**What you should do**. Quote all entries in full, exactly.

----- Source material

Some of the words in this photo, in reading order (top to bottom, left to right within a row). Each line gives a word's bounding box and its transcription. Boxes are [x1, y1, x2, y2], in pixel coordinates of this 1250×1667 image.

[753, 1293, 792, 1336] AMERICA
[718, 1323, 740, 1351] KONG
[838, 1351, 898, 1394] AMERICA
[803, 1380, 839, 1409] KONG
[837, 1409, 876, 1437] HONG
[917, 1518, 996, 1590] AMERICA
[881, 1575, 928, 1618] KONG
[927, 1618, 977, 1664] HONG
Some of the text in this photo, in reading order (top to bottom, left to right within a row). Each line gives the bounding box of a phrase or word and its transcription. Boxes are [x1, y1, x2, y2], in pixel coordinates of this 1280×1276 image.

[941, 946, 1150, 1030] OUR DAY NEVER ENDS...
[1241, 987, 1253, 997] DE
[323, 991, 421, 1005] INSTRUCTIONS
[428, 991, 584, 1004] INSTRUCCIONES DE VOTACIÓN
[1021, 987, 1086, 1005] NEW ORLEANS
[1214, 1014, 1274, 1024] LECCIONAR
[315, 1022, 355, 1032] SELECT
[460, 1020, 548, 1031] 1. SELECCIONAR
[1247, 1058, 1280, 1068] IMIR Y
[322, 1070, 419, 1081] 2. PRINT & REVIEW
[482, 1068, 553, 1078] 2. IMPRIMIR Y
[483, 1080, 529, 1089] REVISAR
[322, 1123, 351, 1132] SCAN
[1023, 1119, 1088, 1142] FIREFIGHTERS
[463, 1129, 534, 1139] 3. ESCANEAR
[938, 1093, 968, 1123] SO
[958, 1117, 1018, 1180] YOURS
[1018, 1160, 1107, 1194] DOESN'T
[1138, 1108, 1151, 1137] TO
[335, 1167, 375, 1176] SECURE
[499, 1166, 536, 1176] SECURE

----------

**Written solution**.
Some of the words in this photo, in reading order (top to bottom, left to right within a row). Each line gives a word's bounding box and its transcription. Boxes are [x1, y1, x2, y2], in pixel coordinates of this 1250×1667 image.

[753, 1293, 792, 1336] AMERICA
[718, 1323, 740, 1351] KONG
[838, 1351, 898, 1394] AMERICA
[803, 1380, 839, 1409] KONG
[837, 1409, 876, 1437] HONG
[917, 1518, 996, 1590] AMERICA
[881, 1575, 928, 1618] KONG
[927, 1618, 977, 1664] HONG
Some of the text in this photo, in reading order (top to bottom, left to right within a row). Each line gives the bounding box of a phrase or word and its transcription. Boxes are [x1, y1, x2, y2], in pixel coordinates of this 1280×1276 image.

[941, 946, 1150, 1030] OUR DAY NEVER ENDS...
[1241, 987, 1253, 997] DE
[323, 991, 421, 1005] INSTRUCTIONS
[428, 991, 584, 1004] INSTRUCCIONES DE VOTACIÓN
[1021, 987, 1086, 1005] NEW ORLEANS
[1214, 1014, 1274, 1024] LECCIONAR
[315, 1022, 355, 1032] SELECT
[460, 1020, 548, 1031] 1. SELECCIONAR
[1247, 1058, 1280, 1068] IMIR Y
[322, 1070, 419, 1081] 2. PRINT & REVIEW
[482, 1068, 553, 1078] 2. IMPRIMIR Y
[483, 1080, 529, 1089] REVISAR
[322, 1123, 351, 1132] SCAN
[1023, 1119, 1088, 1142] FIREFIGHTERS
[463, 1129, 534, 1139] 3. ESCANEAR
[938, 1093, 968, 1123] SO
[958, 1117, 1018, 1180] YOURS
[1018, 1160, 1107, 1194] DOESN'T
[1138, 1108, 1151, 1137] TO
[335, 1167, 375, 1176] SECURE
[499, 1166, 536, 1176] SECURE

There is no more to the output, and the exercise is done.